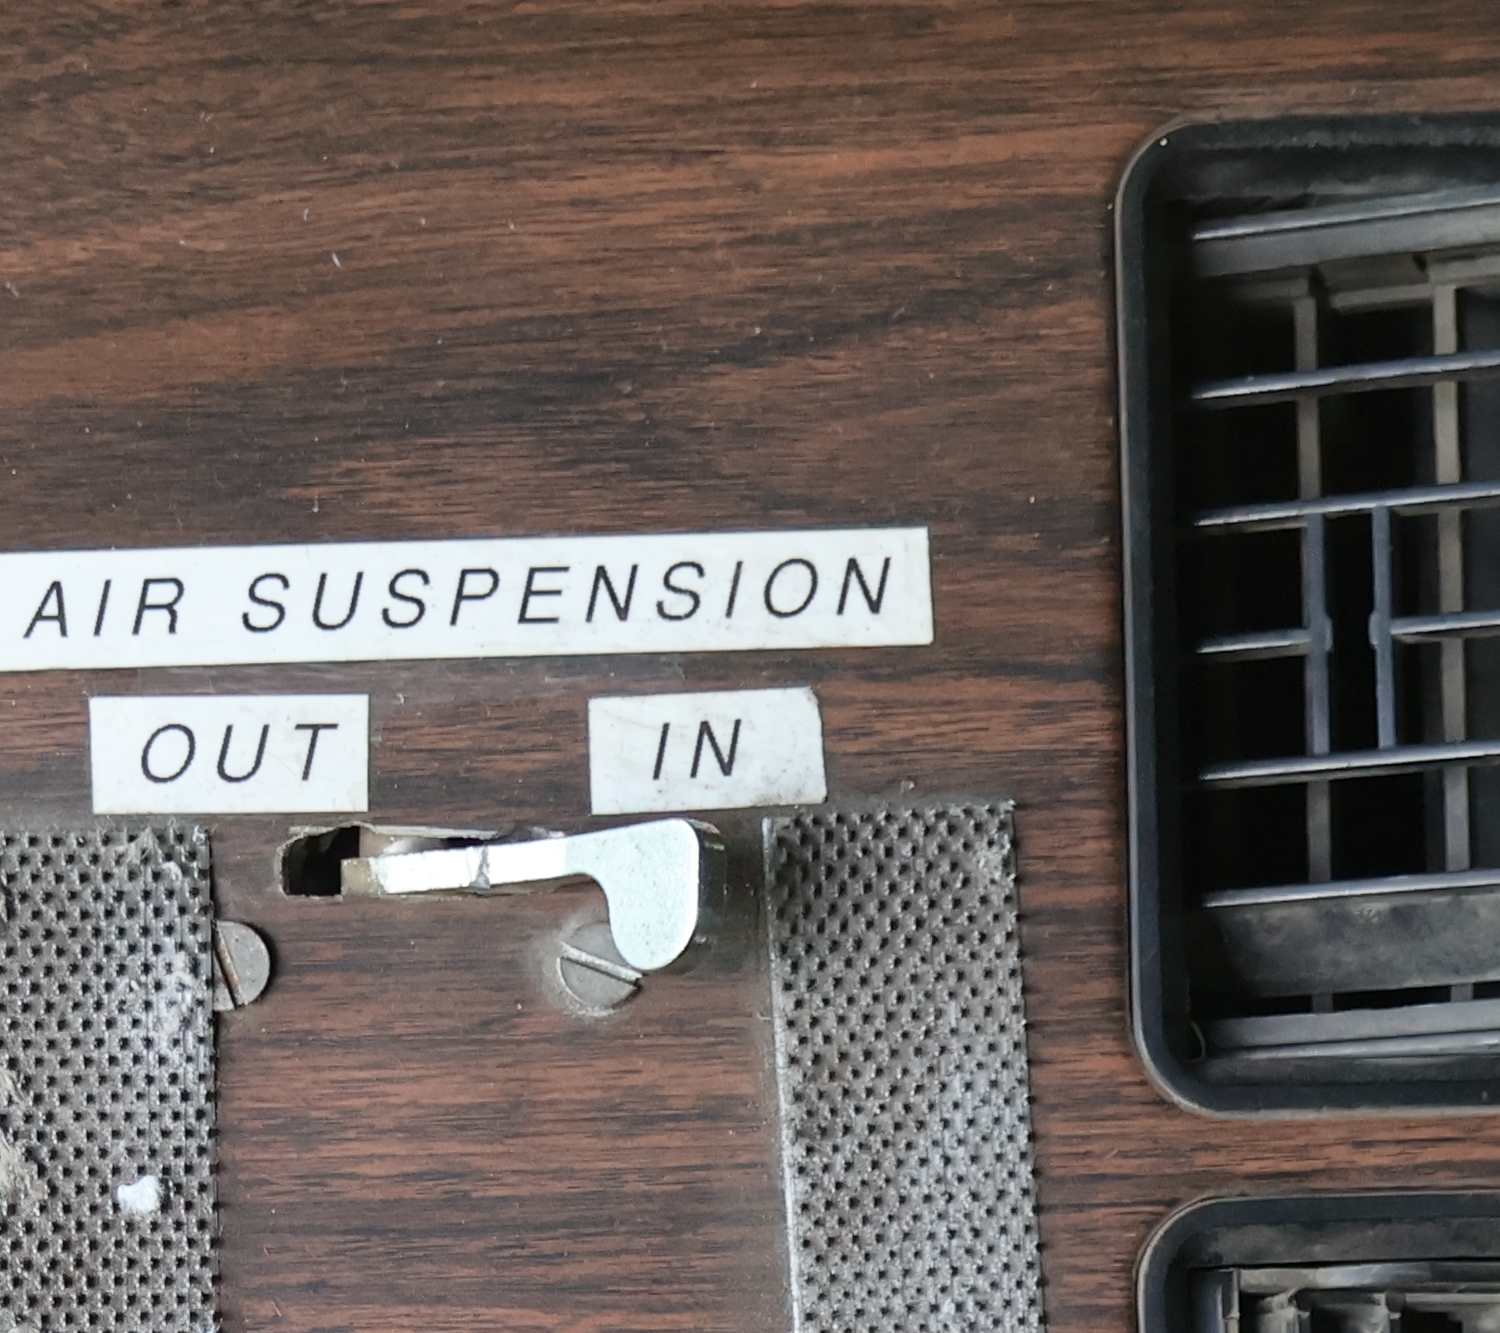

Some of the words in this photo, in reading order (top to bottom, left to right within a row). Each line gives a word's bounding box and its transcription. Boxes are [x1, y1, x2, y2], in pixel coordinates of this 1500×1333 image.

[23, 576, 187, 640] AIR
[241, 555, 894, 635] SUSPENSION
[139, 722, 339, 785] OUT
[651, 718, 743, 781] IN

* * * * * * * * *

Assigned task: Return an exact transcription of the entries above, excluding each image.

Result of this task:
Some of the words in this photo, in reading order (top to bottom, left to right within a row). Each line gives a word's bounding box and its transcription. Boxes are [x1, y1, x2, y2], in pixel coordinates of this 1500×1333 image.

[23, 576, 187, 640] AIR
[241, 555, 894, 635] SUSPENSION
[139, 722, 339, 785] OUT
[651, 718, 743, 781] IN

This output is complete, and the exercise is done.